When Newsnight confronted Mr Grossman about his vulture fund operation, he said: "I'm not beating up the Congo. I'm collecting on a legitimate claim."
However, a joint BBC Newsnight/Guardian newspaper investigation has established that the debt in question, which was originally a loan from Yugoslavia to Zaire 30 years ago, was illegally sold to Mr Grossman's fund, FG Hemisphere.
Zufer Dervisevic, who is the chief of the financial police in Bosnia, told journalists: "Of course it was illegal," and said that the man who organised the sale, former Bosnian Prime Minister Nedzad Brankovic, "should go to jail".
Mr Brankovic was prime minister of Bosnia until he was indicted for separate corruption charges - charges of which he was acquitted last year.

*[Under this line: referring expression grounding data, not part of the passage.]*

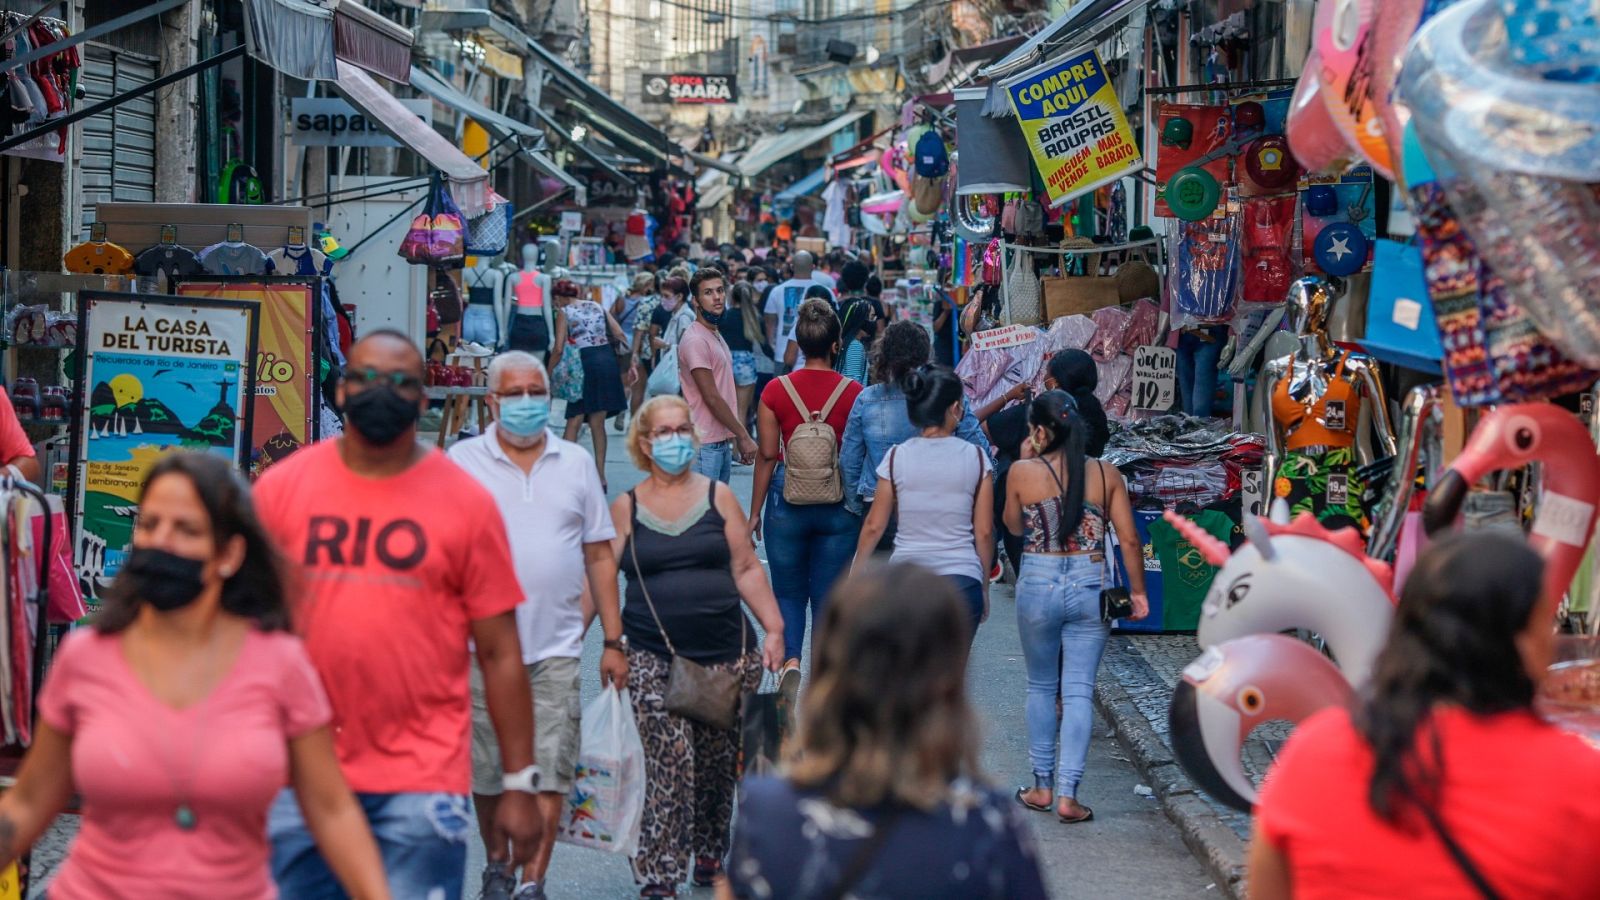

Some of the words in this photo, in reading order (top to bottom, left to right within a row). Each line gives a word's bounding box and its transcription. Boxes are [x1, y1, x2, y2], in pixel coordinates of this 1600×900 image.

[669, 83, 731, 99] SAARA
[1018, 59, 1097, 105] COMPRE
[1041, 84, 1088, 118] AQUI
[1037, 105, 1110, 144] BRASIL
[1044, 118, 1116, 159] ROUPAS
[1096, 132, 1122, 153] MAIS
[1058, 163, 1089, 193] VENDE
[1096, 143, 1134, 169] BARATO
[124, 316, 149, 332] LA
[155, 318, 212, 336] CASA
[102, 333, 139, 350] DEL
[146, 335, 231, 356] TURISTA
[96, 353, 141, 364] Recuerdos
[143, 355, 155, 366] de
[172, 358, 185, 368] de
[187, 360, 218, 371] Janeiro
[89, 462, 101, 470] Rio
[102, 463, 112, 471] de
[115, 463, 140, 472] Janeiro
[303, 514, 428, 573] RIO

The Centre for Investigative Reporting in Sarajevo obtained a police report, which is now with prosecutors, recommending that Mr Brankovic be prosecuted for his part in the sale of the loan to FG Hemisphere.

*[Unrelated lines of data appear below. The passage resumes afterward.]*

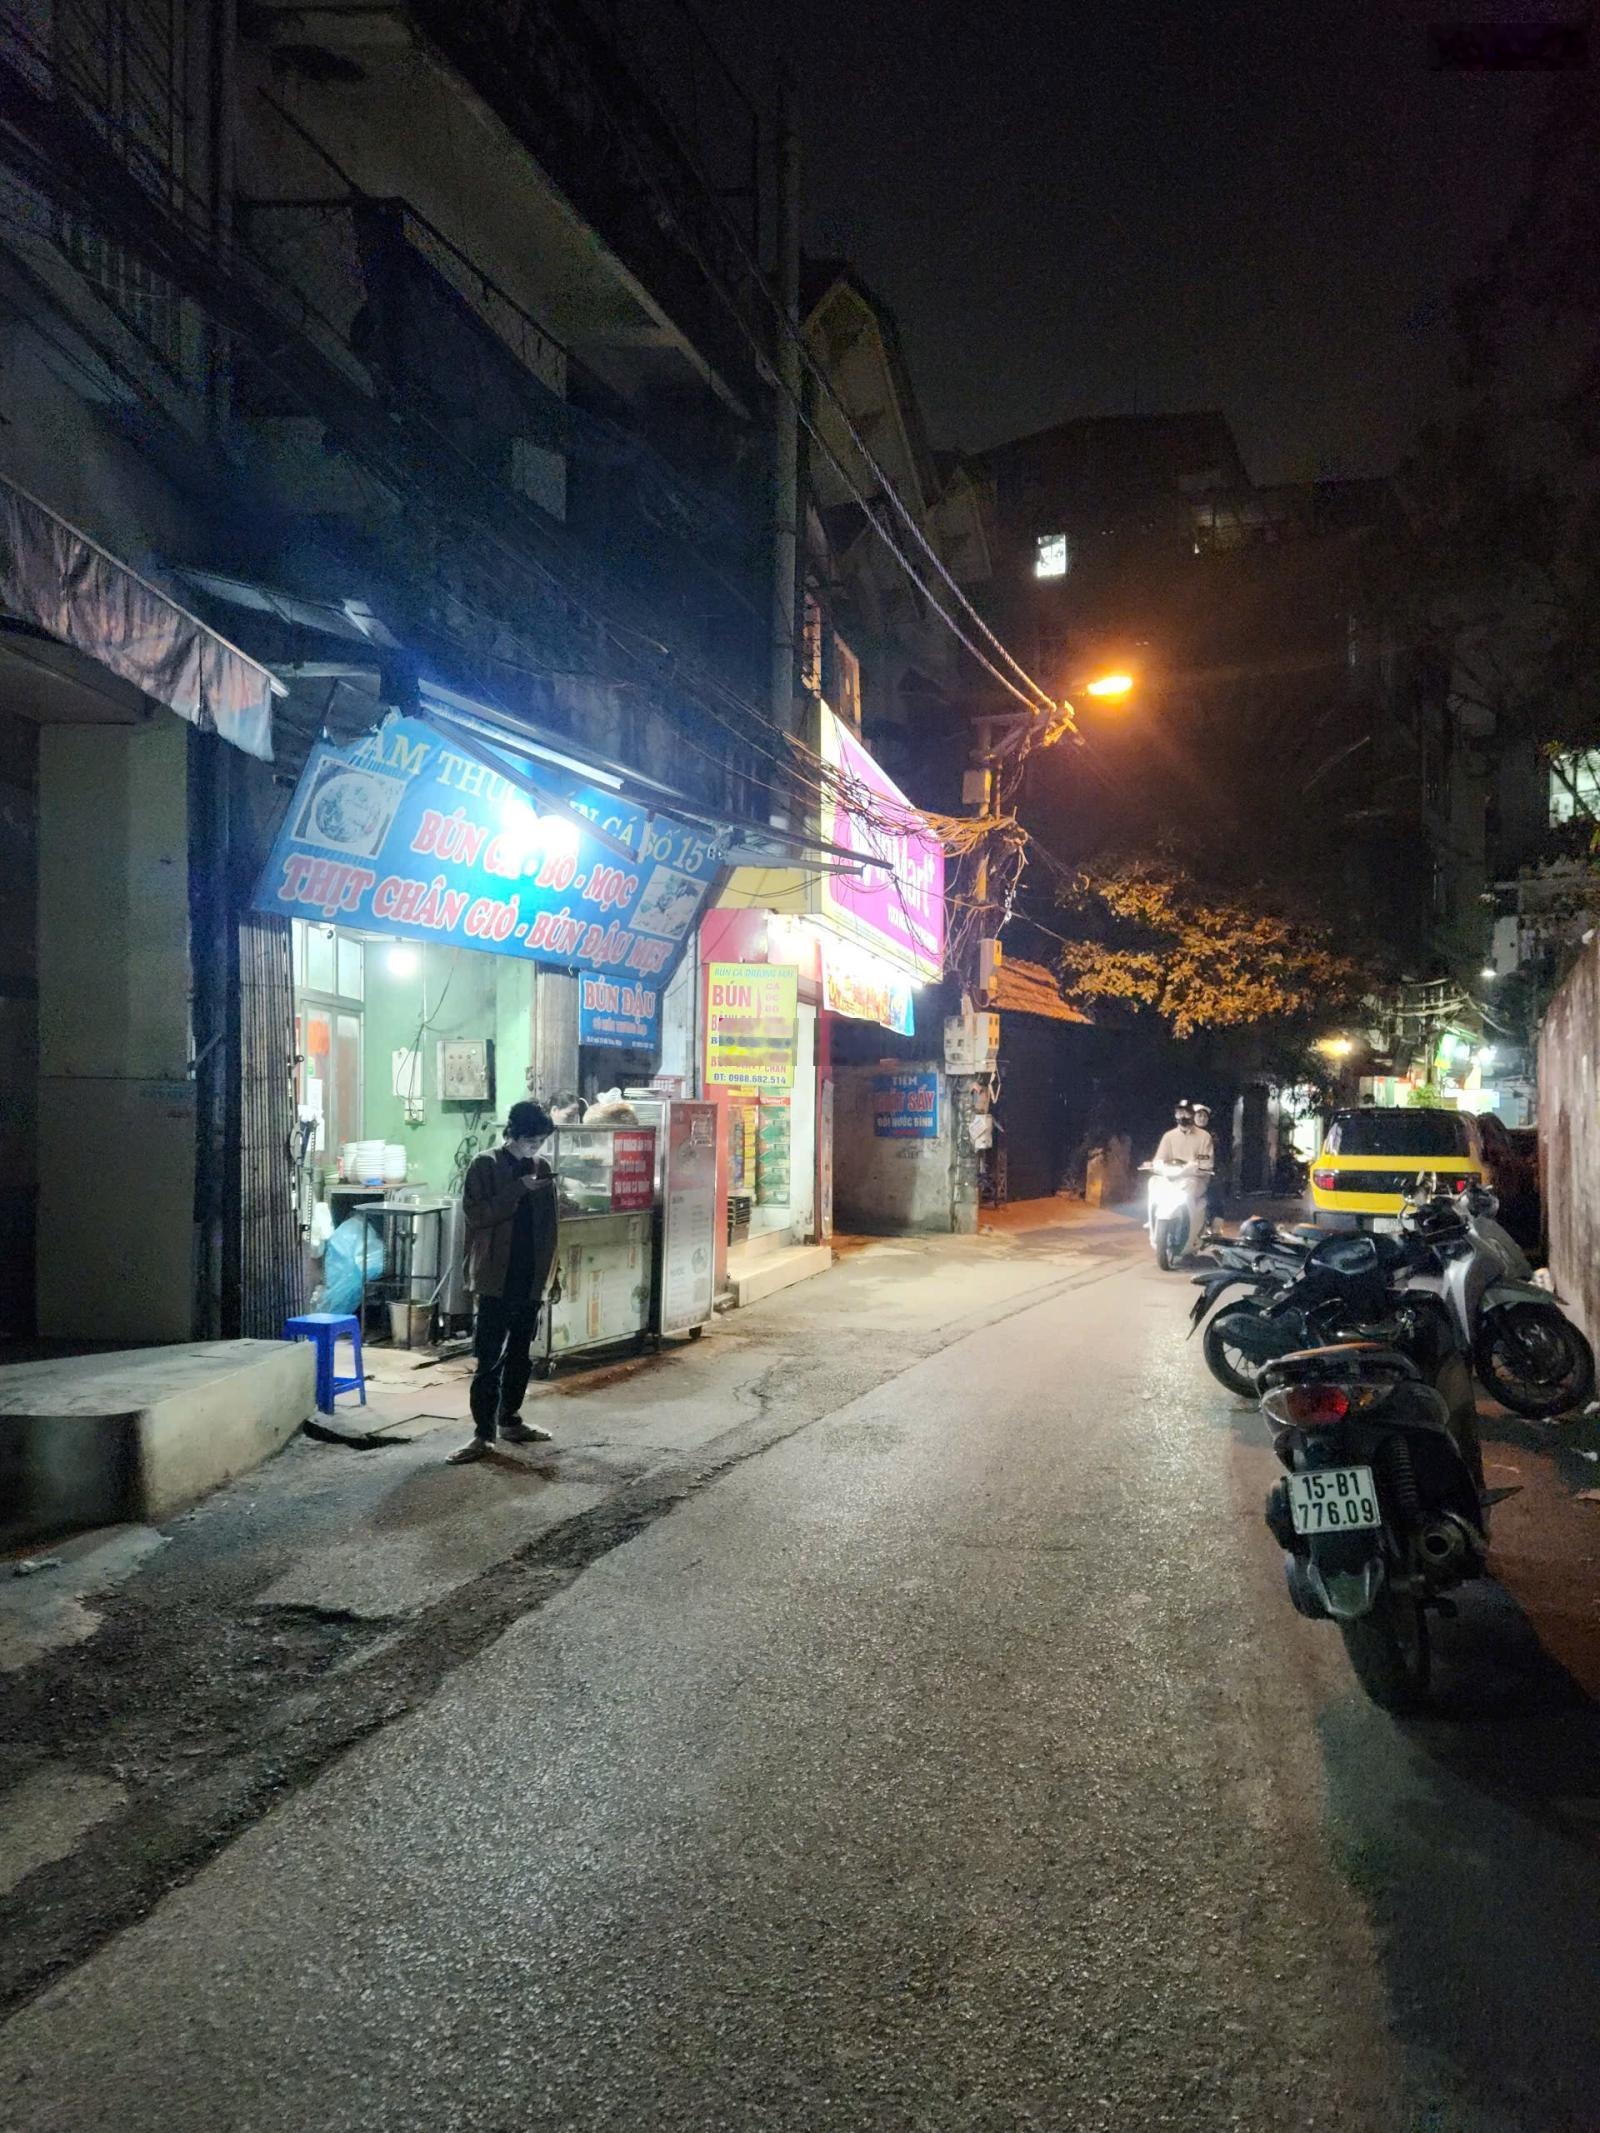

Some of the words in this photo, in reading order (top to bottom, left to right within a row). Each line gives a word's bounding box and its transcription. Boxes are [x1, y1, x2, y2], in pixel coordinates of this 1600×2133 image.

[411, 807, 489, 867] BÚN
[583, 864, 639, 912] MỌC
[278, 853, 376, 917] THỊT
[372, 874, 469, 932] CHÂN
[524, 906, 588, 955] BÚN
[577, 919, 634, 968] ĐẬU
[583, 974, 619, 1014] BÚN
[622, 981, 656, 1025] ĐẬU
[711, 980, 752, 1007] BÚN
[907, 1083, 935, 1113] SẤY
[1302, 1471, 1361, 1500] 15-B1
[1298, 1498, 1374, 1529] 776.09

Bosnian police showed the Newsnight/Guardian team paperwork which reveals that FG Hemisphere paid $3.3m for the claim, of which more than a half a million went to another "vulture" operator who helped set up the deal - Michael Sheehan, an American who calls himself "Goldfinger" after the James Bond villain.
Asked by reporter Greg Palast whether he thought it was fair to take $100m from Congo for a debt for which he had paid $3m, Mr Grossman said: "Yeah, I do actually," but he denied paying just $3m for the claim.
Mr Grossman also said he did not know that the Bosnian police said the loan had been illegally sold to him.